I quickly realized that if I confessed to a negative or possibly cold way that I view people or the world, like saying "sometimes I think I have no feelings," his subsequent sparse utterings would show he was stuck on a road of looking for a label to put on me. Rather than helping me examine the roots, and at least making me feel safe that the painful admission didn't actually mean I was a bad person; or had brought the thing on myself; or that it's necessarily what I am and what I do/don't feel at all, instead of just a mechanism by which I can hide from feelings.

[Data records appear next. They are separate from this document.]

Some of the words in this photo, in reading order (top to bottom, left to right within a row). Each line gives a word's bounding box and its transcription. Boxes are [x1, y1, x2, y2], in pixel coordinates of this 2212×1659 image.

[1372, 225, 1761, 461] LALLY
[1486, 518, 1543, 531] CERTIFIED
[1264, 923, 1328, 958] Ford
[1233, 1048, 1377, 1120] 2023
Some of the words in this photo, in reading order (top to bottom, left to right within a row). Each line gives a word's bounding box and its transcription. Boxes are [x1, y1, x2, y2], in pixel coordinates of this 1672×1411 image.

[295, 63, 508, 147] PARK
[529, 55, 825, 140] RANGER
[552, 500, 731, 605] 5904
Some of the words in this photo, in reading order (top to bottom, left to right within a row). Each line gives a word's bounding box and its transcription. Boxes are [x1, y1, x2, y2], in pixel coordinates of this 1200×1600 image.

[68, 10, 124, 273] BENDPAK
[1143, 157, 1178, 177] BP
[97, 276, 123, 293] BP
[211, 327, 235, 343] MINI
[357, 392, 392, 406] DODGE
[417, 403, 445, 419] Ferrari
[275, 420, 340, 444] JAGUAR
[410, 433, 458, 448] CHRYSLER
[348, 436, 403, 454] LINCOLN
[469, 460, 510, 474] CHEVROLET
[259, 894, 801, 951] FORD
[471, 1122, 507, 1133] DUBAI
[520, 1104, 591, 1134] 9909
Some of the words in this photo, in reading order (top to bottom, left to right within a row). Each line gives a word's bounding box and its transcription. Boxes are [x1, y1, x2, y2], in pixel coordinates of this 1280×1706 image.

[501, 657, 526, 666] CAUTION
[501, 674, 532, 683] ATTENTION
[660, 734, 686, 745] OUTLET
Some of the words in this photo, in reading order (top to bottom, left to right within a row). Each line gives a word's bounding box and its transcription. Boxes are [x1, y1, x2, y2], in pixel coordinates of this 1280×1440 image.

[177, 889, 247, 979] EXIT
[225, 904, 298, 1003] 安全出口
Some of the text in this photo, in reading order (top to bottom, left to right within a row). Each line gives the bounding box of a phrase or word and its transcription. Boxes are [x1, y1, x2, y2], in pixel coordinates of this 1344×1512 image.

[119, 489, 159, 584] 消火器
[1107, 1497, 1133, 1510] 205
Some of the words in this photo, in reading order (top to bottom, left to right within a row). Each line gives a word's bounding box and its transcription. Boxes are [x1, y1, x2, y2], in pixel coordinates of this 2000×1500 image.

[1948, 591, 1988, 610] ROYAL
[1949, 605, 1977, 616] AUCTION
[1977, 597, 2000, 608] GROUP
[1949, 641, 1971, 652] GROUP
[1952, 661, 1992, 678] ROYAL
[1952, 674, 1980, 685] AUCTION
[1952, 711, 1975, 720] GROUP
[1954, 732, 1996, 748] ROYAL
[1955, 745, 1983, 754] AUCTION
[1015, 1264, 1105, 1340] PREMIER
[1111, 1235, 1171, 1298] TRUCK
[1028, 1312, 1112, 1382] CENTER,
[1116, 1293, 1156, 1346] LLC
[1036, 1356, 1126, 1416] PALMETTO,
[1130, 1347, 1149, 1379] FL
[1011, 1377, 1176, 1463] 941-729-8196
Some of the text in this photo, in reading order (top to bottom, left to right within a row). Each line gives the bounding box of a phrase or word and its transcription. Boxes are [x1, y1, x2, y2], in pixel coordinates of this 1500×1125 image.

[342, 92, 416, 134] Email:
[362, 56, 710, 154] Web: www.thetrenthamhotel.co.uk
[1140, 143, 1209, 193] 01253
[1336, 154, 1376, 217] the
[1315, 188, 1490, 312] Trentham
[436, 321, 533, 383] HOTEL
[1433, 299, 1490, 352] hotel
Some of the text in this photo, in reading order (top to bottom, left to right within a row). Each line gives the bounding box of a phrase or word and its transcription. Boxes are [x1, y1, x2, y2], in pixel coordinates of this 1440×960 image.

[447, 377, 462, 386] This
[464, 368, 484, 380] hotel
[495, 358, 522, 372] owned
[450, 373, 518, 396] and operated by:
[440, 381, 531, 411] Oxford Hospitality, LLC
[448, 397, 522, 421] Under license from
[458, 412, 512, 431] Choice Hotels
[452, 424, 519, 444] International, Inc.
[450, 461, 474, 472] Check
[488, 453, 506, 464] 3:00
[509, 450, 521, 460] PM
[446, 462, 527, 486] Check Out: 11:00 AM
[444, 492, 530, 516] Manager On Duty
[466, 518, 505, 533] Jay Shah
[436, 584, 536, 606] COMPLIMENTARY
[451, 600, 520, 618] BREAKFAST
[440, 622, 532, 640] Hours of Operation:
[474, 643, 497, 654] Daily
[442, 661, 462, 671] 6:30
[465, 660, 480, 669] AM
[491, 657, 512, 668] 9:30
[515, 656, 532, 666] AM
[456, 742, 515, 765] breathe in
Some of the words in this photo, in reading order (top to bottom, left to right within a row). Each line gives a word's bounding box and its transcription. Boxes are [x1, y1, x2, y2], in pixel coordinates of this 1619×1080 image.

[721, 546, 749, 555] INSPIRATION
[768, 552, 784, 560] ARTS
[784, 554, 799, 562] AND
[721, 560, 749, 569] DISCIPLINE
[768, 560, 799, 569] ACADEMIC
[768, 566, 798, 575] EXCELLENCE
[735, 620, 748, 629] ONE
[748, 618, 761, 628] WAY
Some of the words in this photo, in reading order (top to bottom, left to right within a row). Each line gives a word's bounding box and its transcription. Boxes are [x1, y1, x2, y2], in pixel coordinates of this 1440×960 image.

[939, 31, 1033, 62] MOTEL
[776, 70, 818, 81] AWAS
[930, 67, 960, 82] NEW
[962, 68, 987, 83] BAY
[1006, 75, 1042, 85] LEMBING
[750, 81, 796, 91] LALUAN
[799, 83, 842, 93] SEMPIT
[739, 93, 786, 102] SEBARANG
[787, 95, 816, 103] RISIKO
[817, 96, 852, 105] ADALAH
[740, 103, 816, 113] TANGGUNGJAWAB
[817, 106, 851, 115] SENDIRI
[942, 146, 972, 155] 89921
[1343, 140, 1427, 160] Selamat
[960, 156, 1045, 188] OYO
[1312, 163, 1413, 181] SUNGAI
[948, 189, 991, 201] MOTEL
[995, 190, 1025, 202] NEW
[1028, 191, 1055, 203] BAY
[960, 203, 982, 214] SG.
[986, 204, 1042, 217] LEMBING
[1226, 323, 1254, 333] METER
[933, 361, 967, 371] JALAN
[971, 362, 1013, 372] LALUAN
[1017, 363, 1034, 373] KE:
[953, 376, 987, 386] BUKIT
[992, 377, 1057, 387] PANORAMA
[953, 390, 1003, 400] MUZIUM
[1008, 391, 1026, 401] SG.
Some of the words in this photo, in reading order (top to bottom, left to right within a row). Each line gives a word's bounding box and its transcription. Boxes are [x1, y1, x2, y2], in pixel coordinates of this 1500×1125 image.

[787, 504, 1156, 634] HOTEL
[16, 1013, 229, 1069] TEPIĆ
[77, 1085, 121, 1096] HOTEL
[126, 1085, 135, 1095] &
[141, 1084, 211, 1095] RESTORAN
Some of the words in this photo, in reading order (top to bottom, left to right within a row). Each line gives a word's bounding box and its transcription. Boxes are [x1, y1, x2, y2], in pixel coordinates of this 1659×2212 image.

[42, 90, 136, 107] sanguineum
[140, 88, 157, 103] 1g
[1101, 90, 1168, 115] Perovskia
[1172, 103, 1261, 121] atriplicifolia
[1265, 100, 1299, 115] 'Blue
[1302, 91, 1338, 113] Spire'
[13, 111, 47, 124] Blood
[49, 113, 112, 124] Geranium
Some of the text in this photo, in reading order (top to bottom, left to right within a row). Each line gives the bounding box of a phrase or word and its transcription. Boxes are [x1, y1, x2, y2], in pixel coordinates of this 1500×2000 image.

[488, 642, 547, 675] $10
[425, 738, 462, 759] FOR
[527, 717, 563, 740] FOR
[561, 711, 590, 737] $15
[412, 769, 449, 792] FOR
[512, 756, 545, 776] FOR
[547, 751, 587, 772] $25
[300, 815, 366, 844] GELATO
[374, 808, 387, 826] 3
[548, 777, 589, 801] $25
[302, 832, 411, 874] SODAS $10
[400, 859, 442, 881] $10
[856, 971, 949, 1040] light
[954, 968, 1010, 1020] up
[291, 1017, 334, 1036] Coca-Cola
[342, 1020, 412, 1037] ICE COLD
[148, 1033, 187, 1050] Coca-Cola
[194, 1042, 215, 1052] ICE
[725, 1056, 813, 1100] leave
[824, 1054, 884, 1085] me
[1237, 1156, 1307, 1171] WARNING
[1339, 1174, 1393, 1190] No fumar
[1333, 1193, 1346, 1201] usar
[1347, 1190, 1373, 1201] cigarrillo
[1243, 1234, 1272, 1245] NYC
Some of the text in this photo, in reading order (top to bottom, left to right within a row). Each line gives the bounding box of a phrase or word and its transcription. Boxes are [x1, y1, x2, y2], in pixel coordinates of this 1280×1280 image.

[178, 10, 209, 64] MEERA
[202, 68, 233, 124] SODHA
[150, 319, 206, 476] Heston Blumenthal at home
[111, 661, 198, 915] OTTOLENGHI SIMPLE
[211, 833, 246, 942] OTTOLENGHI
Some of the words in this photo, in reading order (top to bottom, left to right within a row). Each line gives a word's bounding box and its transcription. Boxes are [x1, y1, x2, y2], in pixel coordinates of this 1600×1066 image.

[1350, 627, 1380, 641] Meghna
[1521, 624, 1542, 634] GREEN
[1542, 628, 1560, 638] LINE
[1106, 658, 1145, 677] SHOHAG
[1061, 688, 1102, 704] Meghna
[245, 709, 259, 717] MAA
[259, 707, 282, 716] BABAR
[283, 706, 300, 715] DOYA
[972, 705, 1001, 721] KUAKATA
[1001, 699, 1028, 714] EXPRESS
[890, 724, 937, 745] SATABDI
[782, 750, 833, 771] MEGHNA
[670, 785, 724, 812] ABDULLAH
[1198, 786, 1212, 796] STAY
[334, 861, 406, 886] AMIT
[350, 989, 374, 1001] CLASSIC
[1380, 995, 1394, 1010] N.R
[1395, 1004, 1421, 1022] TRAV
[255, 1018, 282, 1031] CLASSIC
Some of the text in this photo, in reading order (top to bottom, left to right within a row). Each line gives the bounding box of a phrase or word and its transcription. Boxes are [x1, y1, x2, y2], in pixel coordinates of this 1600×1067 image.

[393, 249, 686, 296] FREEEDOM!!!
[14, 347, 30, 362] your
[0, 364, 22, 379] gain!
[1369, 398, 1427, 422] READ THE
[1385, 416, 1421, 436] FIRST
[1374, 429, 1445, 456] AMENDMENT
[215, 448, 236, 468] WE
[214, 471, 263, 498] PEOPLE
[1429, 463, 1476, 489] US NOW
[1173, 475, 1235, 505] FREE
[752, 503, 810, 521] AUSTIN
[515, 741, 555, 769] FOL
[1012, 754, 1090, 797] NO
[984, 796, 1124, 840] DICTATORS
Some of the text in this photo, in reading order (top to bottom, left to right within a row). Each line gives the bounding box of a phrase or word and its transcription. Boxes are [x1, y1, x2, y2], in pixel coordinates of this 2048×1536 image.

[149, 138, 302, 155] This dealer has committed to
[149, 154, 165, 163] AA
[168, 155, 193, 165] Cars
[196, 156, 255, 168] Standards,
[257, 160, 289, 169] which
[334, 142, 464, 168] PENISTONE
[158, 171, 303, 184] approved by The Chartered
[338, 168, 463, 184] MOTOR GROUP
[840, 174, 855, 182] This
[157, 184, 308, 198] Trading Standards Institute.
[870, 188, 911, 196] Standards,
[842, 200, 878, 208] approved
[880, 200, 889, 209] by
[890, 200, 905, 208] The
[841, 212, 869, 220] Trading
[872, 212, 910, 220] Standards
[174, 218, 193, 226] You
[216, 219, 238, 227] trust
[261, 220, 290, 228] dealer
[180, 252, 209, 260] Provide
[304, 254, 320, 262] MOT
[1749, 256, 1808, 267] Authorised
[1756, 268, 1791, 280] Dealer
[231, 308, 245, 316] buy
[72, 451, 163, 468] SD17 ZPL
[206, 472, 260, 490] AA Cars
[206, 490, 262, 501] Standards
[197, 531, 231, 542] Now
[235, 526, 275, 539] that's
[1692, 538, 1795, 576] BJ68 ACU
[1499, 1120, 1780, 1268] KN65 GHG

This is the kind of reasoning I habitually displayed for him; I often felt like my self-awareness drew a road map for him that could have made our work soooo much easier. But he would never indicate that my reasoning or ability to figure some things out was good. So I started asking him, which he wouldn't answer either and made into another example of me caring too much what people think. As in, why would I want/need to know if what I just said or a lot of what I say makes sense and is sound reasoning? Is it not valid to ask your mental health counselor whether you seem to exhibit sound reasoning???? (????!!!!!) I can't *believe* he made 110% of our failure to connect MY problem.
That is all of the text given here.